Voor de verdere ontwikkeling van de gemeente zullen de zones voor wonen, nijverheid, landbouw en natuur dan ook duidelijker gedefinieerd worden vanuit de bestaande situatie, waarbij menging van verschillende activiteiten - de historische basisvoorwaarde voor een leefbare gemeenschap - zeker niet ontkend wordt. In de verschillende deelruimtes zullen wij zoveel mogelijk streven naar een gezonde en verrijkende menging van activiteiten.

Doorheen de analyse van de bestaande toestand van de gemeente, hebben we een duidelijker, maar complex beeld verkregen van ZULTE.

Hoewel gelegen in het buitengebied van het Ruimtelijk Structuurplan Vlaanderen, hebben we overduidelijk vastgesteld dat deze gemeente geen landbouwgemeente meer is en we zelfs in grote delen nog nauwelijks kunnen spreken van enig landelijk karakter. De bestemmingsintenties van het Gewestplan zijn al niet zeer duidelijk – met soms veel verschillende inkleuringen naast elkaar – maar daarbovenop wordt deze nogal versnipperde juridische toestand op talrijke punten overschreven door de feitelijke toestand. Met ongeveer 500 zonevreemde woningen en slechts één derde van de 200 bedrijven in een specifieke industriële of ambachtelijke zone en een kwart van de bedrijven zonevreemd, zal het al duidelijk zijn dat de open ruimtegebieden sterk aangetast zijn. De parallelle verkeersinfrastructuren – spoorweg, N43 en het Leiekanaal – snijden daarenboven dwars doorheen de gemeente als geheel én doorheen de verschillende deelgemeentes afzonderlijke. De natuur is slechts met restjes aanwezig en geaxeerd op de valleigebieden (Leie, Zaubeek en Gaverbeek). Naar ruimtelijke structuur kunnen we dus nauwelijks spreken van grote coherente gebieden.

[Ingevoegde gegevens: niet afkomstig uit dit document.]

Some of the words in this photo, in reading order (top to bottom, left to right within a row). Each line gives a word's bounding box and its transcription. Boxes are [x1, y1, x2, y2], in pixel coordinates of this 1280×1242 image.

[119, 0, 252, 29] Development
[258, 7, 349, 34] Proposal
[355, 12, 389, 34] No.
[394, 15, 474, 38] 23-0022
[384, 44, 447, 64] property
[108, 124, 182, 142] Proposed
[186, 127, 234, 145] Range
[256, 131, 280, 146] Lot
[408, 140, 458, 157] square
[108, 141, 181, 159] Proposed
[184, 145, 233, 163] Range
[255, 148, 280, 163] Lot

Deze ruimtelijke versnippering is dan weer te wijten aan een grote én historische dynamiek van de bevolking. Als vlasgemeente in de 19e eeuw aan de Leie als Golden River, vertoonde de gemeente reeds lang geleden veel initiatief tot nijverheid en handelslust. Met de komst van de Steenweg en later de E17 werden de initiatieven alleen maar aangewakkerd, in de schaduw van het Texas van Vlaanderen breidde het aantal kleine bedrijfsvestigingen stelselmatig uit en werden de vrijgekomen gronden van de vlasteelt snel ingenomen door nieuwe handels- en bedrijfsgebouwen. Meegaand met de opbloei van de activiteit groeiden ook de bevolking en de woonzones stelselmatig verder uit.

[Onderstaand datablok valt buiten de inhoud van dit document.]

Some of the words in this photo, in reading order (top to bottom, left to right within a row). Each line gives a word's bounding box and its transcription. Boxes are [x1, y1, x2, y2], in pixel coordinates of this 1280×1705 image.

Door zijn ligging – in het verstedelijkt complex dat van Rijsel over Kortrijk naar Gent loopt en verder – wordt de kwaliteit van de open ruimte sterk getroffen door de vele infrastructuren die de steden verbinden en hun plaats zoeken op het grondgebied van de gemeente, wordt ook het leefklimaat sterk gehypothekeerd langs de N43 en een aantal doorgansgwegen, maar wil ZULTE ook verder de potenties waarmaken die deze bovenlokale structuren mogelijk maken.

In het richtinggevend gedeelte zullen we een antwoord formuleren vanuit deze complexe en duale realiteit voor de verdere ontwikkeling van de gemeente.